■ Record excerpts
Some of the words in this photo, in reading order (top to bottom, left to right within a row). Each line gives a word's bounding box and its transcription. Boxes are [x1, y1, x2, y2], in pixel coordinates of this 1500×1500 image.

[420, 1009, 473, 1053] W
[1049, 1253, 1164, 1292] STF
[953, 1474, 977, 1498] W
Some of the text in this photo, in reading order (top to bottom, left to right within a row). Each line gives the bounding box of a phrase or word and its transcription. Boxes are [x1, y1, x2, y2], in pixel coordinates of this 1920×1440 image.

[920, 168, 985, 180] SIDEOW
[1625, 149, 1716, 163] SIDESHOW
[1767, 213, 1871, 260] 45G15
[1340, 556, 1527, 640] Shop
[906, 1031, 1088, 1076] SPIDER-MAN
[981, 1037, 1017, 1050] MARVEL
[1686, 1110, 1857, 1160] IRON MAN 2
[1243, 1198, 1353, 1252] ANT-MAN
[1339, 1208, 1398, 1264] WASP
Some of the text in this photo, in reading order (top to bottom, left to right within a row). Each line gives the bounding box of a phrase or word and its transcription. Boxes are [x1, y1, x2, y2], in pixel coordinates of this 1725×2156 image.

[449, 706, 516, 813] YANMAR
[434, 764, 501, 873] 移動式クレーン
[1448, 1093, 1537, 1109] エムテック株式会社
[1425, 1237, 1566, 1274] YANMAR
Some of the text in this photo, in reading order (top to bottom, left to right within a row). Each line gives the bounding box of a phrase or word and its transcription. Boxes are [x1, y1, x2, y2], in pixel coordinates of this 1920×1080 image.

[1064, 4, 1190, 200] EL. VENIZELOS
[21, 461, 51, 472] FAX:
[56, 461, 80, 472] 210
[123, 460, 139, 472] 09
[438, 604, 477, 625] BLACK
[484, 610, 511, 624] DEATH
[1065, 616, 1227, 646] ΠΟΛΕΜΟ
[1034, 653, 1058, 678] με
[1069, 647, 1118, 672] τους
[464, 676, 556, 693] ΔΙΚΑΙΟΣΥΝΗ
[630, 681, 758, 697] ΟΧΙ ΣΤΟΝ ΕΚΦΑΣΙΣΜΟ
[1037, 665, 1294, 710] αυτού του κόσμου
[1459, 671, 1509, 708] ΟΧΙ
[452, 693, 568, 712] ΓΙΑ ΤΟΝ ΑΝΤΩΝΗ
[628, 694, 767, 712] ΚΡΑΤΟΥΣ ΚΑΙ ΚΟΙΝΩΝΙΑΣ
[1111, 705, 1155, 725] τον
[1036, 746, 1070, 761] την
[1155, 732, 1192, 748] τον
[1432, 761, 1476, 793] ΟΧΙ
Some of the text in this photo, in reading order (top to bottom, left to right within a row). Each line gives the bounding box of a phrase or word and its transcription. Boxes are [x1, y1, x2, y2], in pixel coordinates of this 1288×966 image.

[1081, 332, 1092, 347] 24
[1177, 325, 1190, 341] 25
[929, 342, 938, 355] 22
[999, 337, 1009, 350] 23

■ Exercise prompt
Quote only the lines from the line containing "this 1288×966 image." through the end of the entries, keeping the first and the last.

■ Output of the task
Some of the text in this photo, in reading order (top to bottom, left to right within a row). Each line gives the bounding box of a phrase or word and its transcription. Boxes are [x1, y1, x2, y2], in pixel coordinates of this 1288×966 image.

[1081, 332, 1092, 347] 24
[1177, 325, 1190, 341] 25
[929, 342, 938, 355] 22
[999, 337, 1009, 350] 23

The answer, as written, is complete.